Only the final stretch of the data is wanted: reproduce the line containing "Some of the words" and each line after it, exactly.
Data for this exercise section start
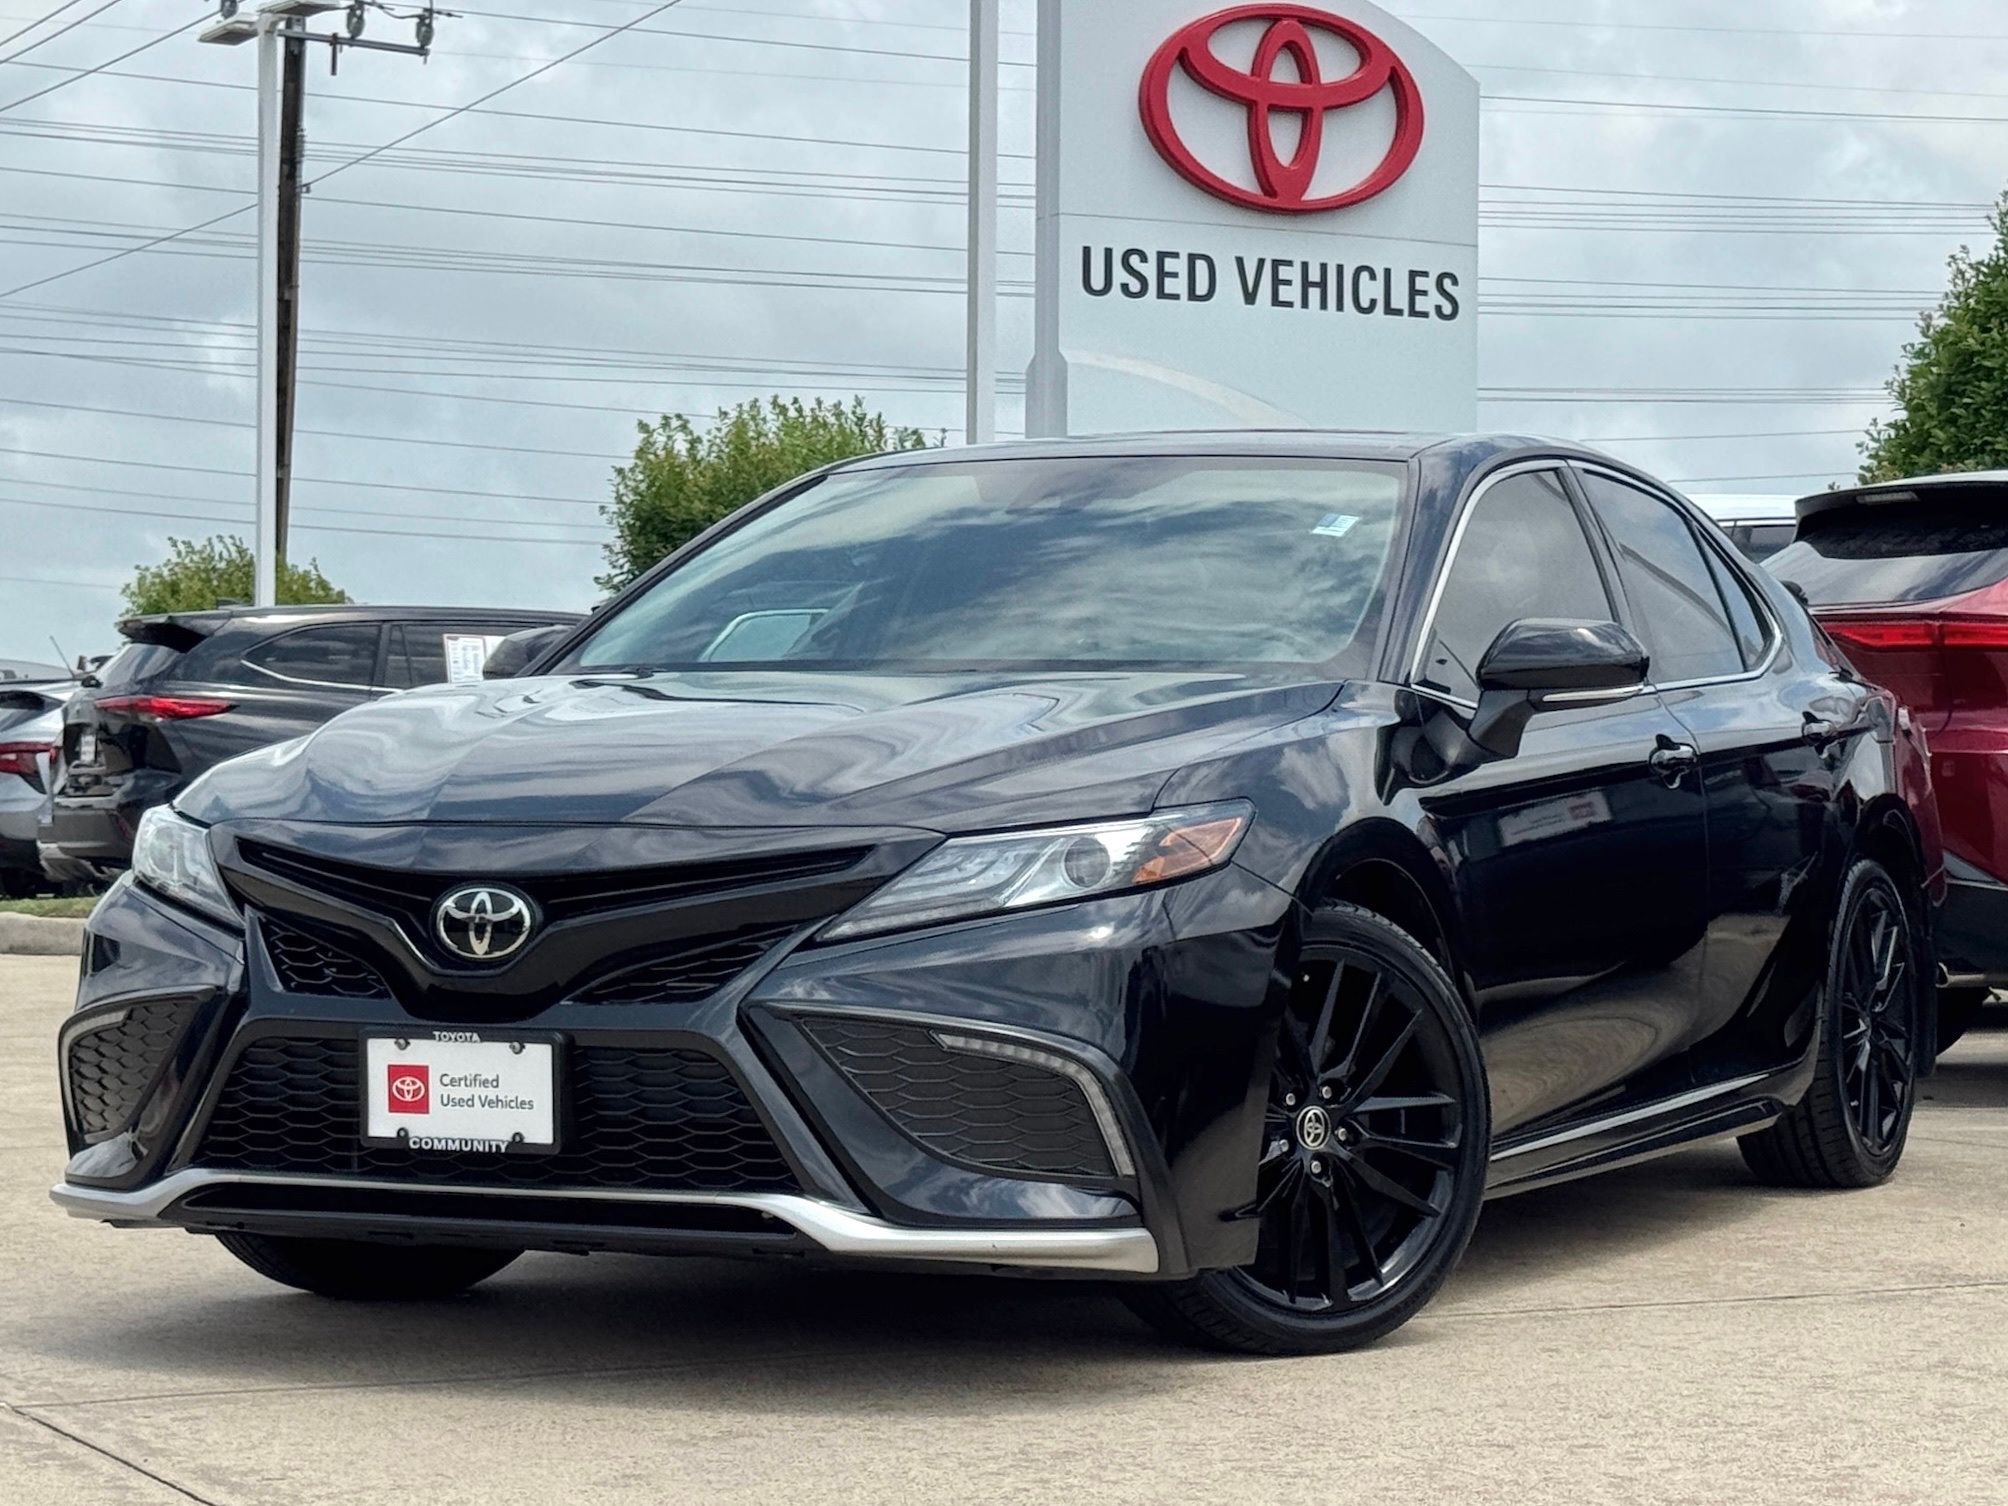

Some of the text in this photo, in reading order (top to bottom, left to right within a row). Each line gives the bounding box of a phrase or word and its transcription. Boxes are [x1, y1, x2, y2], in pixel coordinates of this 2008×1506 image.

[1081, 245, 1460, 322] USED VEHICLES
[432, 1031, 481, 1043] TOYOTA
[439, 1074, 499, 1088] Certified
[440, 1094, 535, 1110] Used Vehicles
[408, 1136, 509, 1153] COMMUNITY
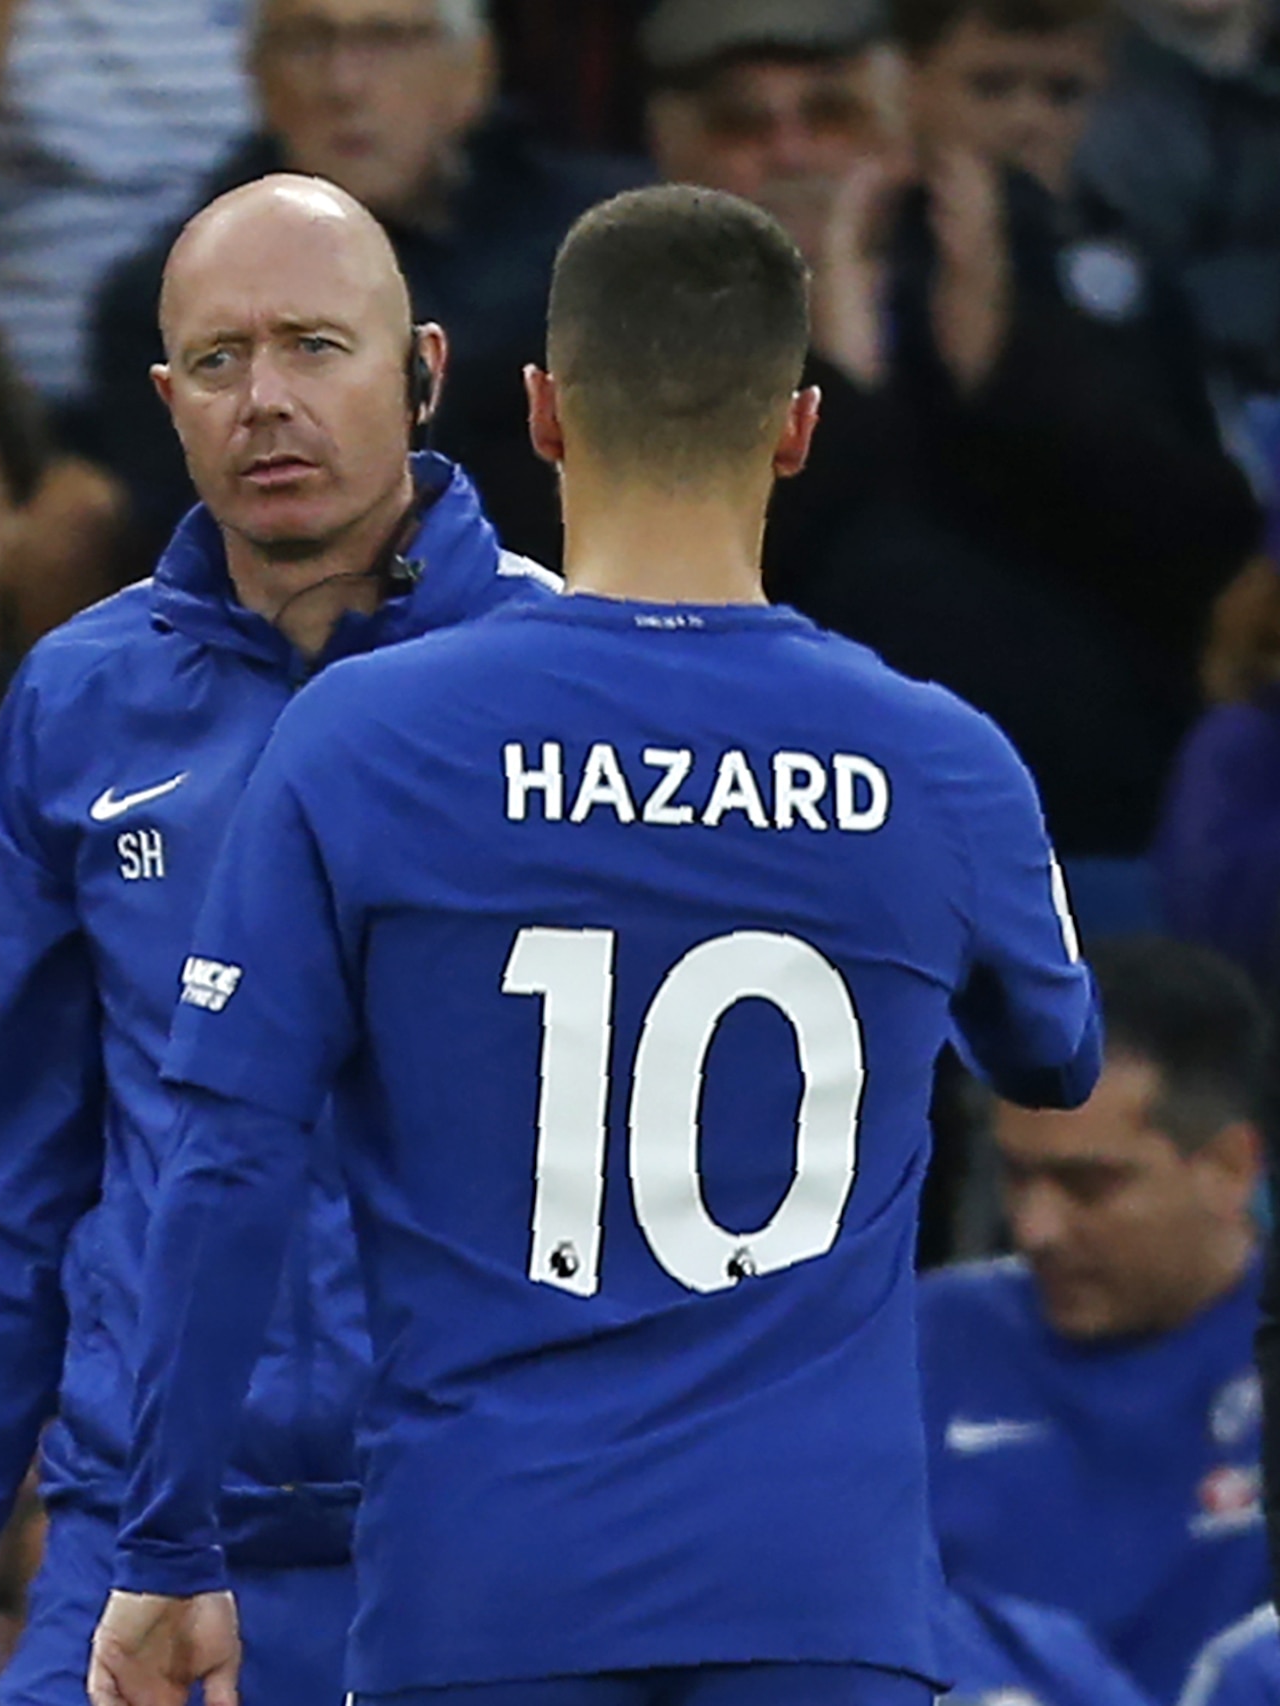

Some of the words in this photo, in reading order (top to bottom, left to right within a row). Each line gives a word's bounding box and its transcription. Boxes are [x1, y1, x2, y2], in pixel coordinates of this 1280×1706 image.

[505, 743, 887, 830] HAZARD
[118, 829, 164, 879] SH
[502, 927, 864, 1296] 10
Data for this exercise section end
§ Exercise solution
Some of the words in this photo, in reading order (top to bottom, left to right within a row). Each line gives a word's bounding box and its transcription. Boxes are [x1, y1, x2, y2], in pixel coordinates of this 1280×1706 image.

[505, 743, 887, 830] HAZARD
[118, 829, 164, 879] SH
[502, 927, 864, 1296] 10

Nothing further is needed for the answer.